豆豆舍不得他,出门前还给单昭野兜里塞了块小面包。
单昭野拿起来一看,吼,好家伙,这是他们前两天吃的蜂蜜小面包,现在拿出来邦邦硬能砸死人。
豆豆稀罕的不得了还留着给人吃呢。
单昭野没招,出门去了趟村口给豆豆买炒粉:“你先吃这个,等哥挣钱再带你去吃好玩意。”
“哥哥你要早点回来,不能扔了我。”
“成,不扔你。”
程浩开车带人出去,仔细问了番才知道这娃是单昭野从垃圾桶里捡回来的。
单昭野也没瞒他,跟人解释豆豆是小狗变的,头上有毛耳朵,跟他渡劫出生入死现在扔了也舍不得,毕竟这狗崽怪让人心暖。
程浩眼睛望向前方:“现在深圳乱,这种地下拳场还在,虽然好挣钱但我已经慢慢脱手不干了,这回介绍你去咱干几回就成,挣个启动资金后面好打算。”
一进拳场满屋子人,个个跟香港电影里的古惑仔似的,光着膀子露纹身,亚洲蹲在地上玩猜码和打三公。
不过这回林嘉城居然也在,林嘉城是这的幕后老板,从香港过来的平时见不着,不知这回咋就上深圳来了。
林老板走近,普通话不太标准:“介绍新人?”
程浩笑了两声:“对,刚从东北过来,想着上您的场挣点。”
林老板招呼喊人:“阿陈,带人上台我看看。”
拳场一听来新人都起了兴奋劲,眼瞅那黑皮寸头男绷带都不缠上去直接开打,猛的好像一辈子没挣过钱似的把人打晕才停下来。
林老板也没想到赶来深圳干活能遇见这样的人,带他进了办公室:“他们说你是浩子的熟人,所以我也不多查,浩子在我这不干了那你是怎么打算?”
“是想长久干还是挣点零钱过渡?”
单昭野吐掉嘴里的血沫没吱声。
林老板在套他话,这种来路不明的拳场能在乱世开下去自然是有原因,因为上头老板要人出面解决事情。
林老板知道人提防他,抬手比了个五:“一般都有这个数。”
“五百?”
“不,是五千,干不干?干就拿钱打电话,今晚有老板要人干活。”林老板把小灵通甩在桌面上,一张麻子脸皮笑肉不笑。
单昭野现在缺钱,身上一毛都没有,他不知道这个拳场后边到底什么情况所以不敢轻易答应。

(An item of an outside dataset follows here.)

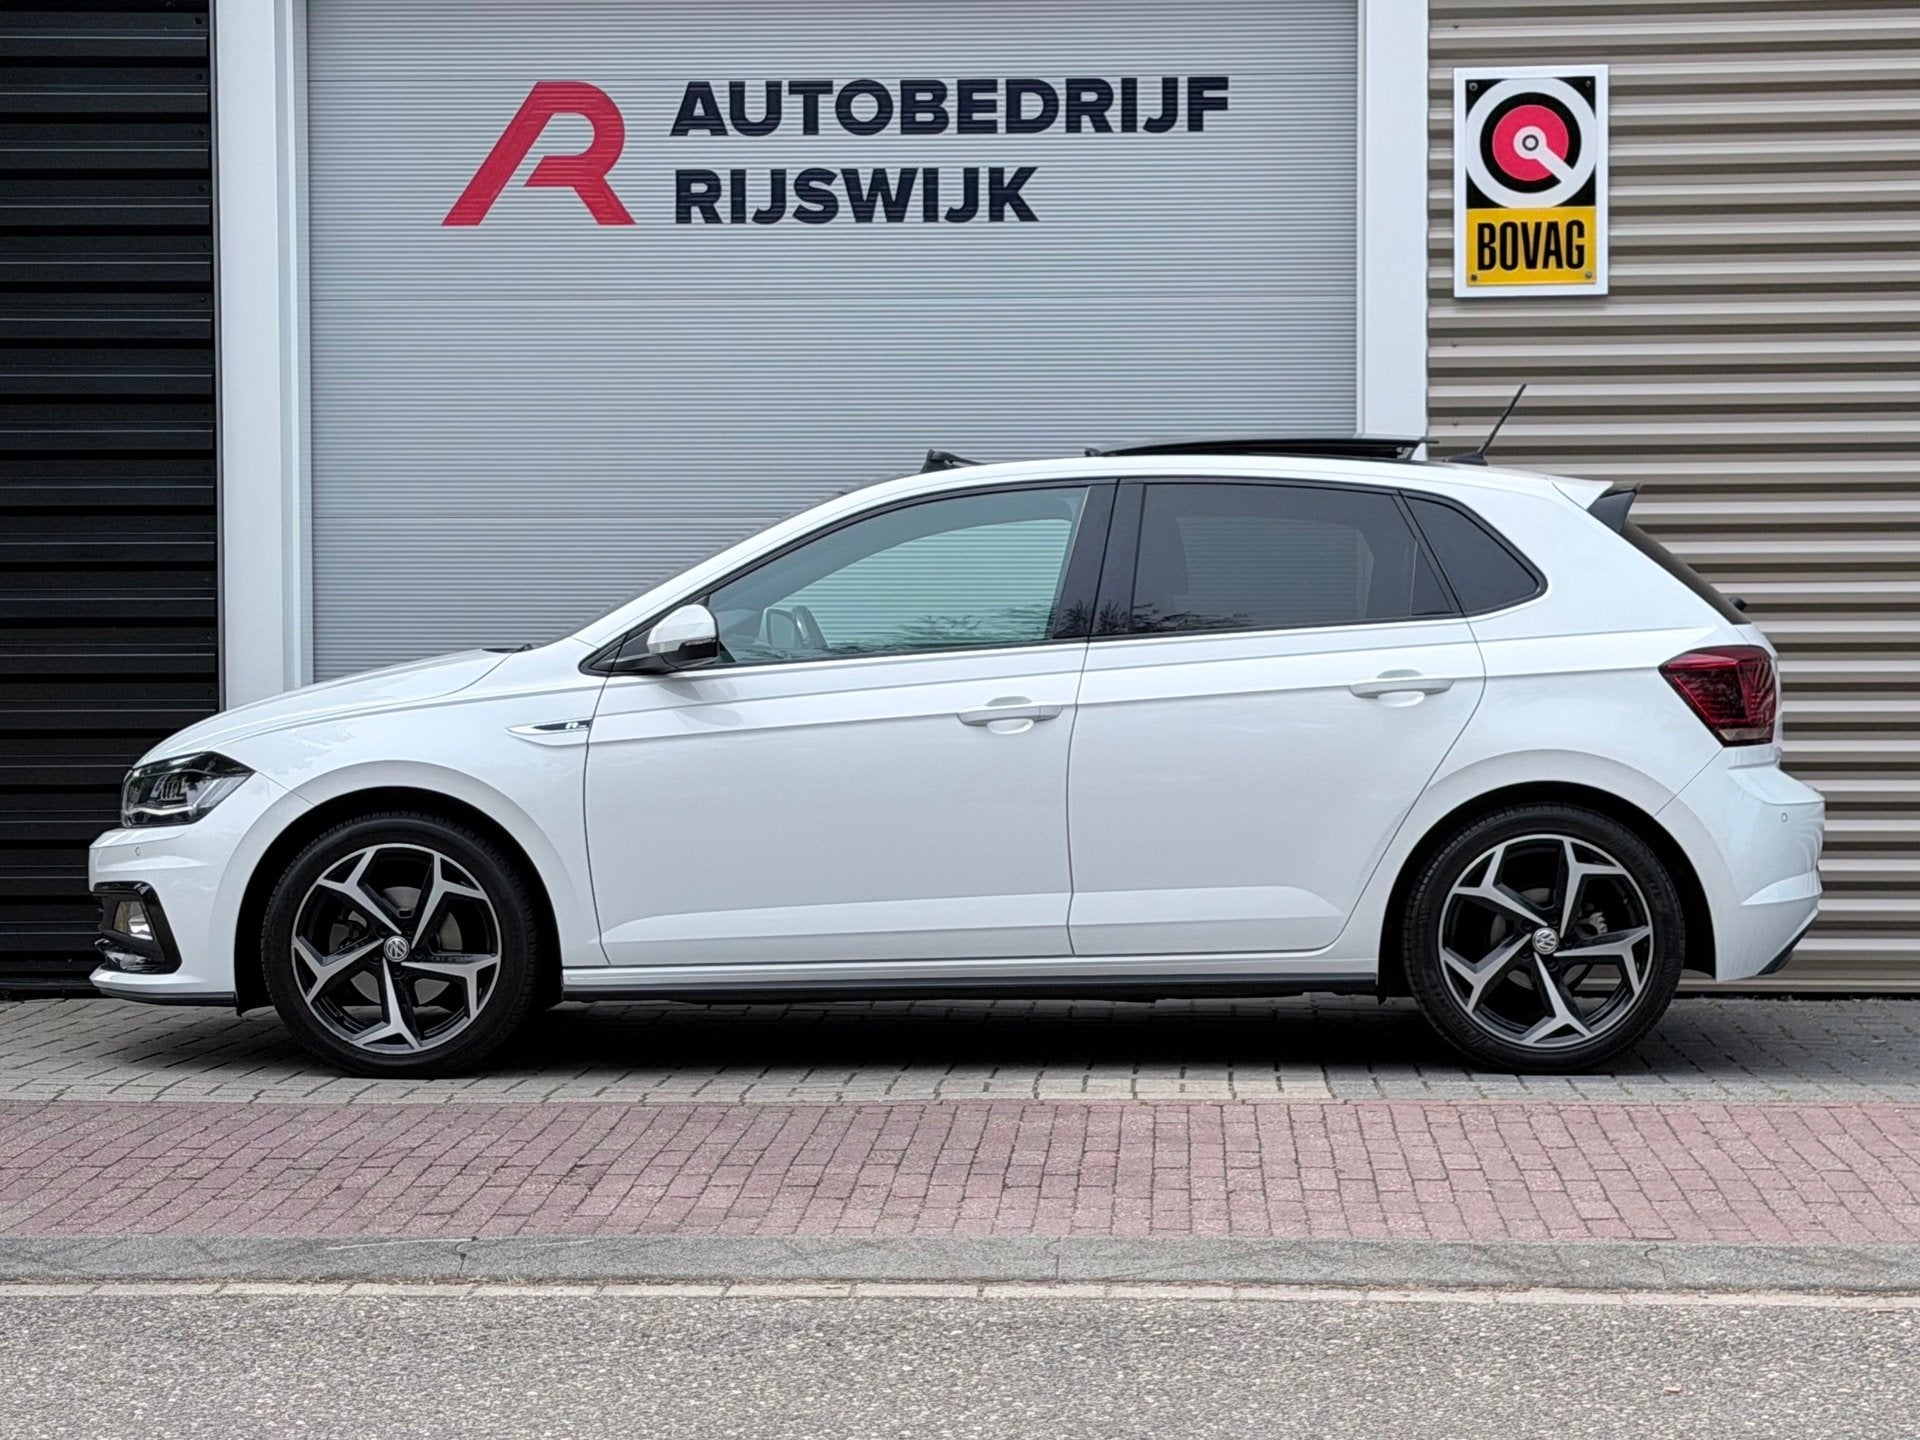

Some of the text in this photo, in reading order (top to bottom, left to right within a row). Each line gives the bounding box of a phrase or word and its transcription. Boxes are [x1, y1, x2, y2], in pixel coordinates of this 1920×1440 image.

这时小灵通响了,林老板接起来满脸殷勤:“哎,好好好,这就给您送人。”
林老板见单昭野犹豫直接甩话,脸上的烦躁藏不住:“上门要债的事你干不干?”
要债还债这玩意他熟的很。
单昭野抬手擦干额头上的汗珠,喘气接过小灵通:“干。”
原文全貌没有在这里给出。